WHAT TO PRODUCE:
An exact copy of all the data below is required.

Stored entries:

--------------------------------------------------

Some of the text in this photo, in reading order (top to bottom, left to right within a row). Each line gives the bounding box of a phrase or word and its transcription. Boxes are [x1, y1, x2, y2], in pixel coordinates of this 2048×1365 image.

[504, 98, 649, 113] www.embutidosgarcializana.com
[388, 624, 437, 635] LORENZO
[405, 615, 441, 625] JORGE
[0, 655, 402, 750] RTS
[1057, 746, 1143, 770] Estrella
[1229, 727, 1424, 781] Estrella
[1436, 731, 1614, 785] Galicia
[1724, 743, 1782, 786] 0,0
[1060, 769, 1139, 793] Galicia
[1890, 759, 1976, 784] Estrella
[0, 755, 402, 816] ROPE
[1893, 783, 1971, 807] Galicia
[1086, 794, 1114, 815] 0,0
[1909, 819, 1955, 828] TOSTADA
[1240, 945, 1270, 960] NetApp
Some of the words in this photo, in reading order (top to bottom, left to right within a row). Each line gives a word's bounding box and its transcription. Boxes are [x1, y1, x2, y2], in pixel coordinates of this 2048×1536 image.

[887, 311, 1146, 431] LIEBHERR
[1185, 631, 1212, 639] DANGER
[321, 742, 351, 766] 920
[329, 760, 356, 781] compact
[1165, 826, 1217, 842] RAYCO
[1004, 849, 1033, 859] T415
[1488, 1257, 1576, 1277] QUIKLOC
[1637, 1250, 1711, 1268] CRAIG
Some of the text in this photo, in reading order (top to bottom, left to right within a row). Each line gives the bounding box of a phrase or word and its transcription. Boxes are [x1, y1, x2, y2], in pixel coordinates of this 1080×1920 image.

--------------------------------------------------

RESULT OF THE TASK:
Some of the text in this photo, in reading order (top to bottom, left to right within a row). Each line gives the bounding box of a phrase or word and its transcription. Boxes are [x1, y1, x2, y2], in pixel coordinates of this 2048×1365 image.

[504, 98, 649, 113] www.embutidosgarcializana.com
[388, 624, 437, 635] LORENZO
[405, 615, 441, 625] JORGE
[0, 655, 402, 750] RTS
[1057, 746, 1143, 770] Estrella
[1229, 727, 1424, 781] Estrella
[1436, 731, 1614, 785] Galicia
[1724, 743, 1782, 786] 0,0
[1060, 769, 1139, 793] Galicia
[1890, 759, 1976, 784] Estrella
[0, 755, 402, 816] ROPE
[1893, 783, 1971, 807] Galicia
[1086, 794, 1114, 815] 0,0
[1909, 819, 1955, 828] TOSTADA
[1240, 945, 1270, 960] NetApp
Some of the words in this photo, in reading order (top to bottom, left to right within a row). Each line gives a word's bounding box and its transcription. Boxes are [x1, y1, x2, y2], in pixel coordinates of this 2048×1536 image.

[887, 311, 1146, 431] LIEBHERR
[1185, 631, 1212, 639] DANGER
[321, 742, 351, 766] 920
[329, 760, 356, 781] compact
[1165, 826, 1217, 842] RAYCO
[1004, 849, 1033, 859] T415
[1488, 1257, 1576, 1277] QUIKLOC
[1637, 1250, 1711, 1268] CRAIG
Some of the text in this photo, in reading order (top to bottom, left to right within a row). Each line gives the bounding box of a phrase or word and its transcription. Boxes are [x1, y1, x2, y2], in pixel coordinates of this 1080×1920 image.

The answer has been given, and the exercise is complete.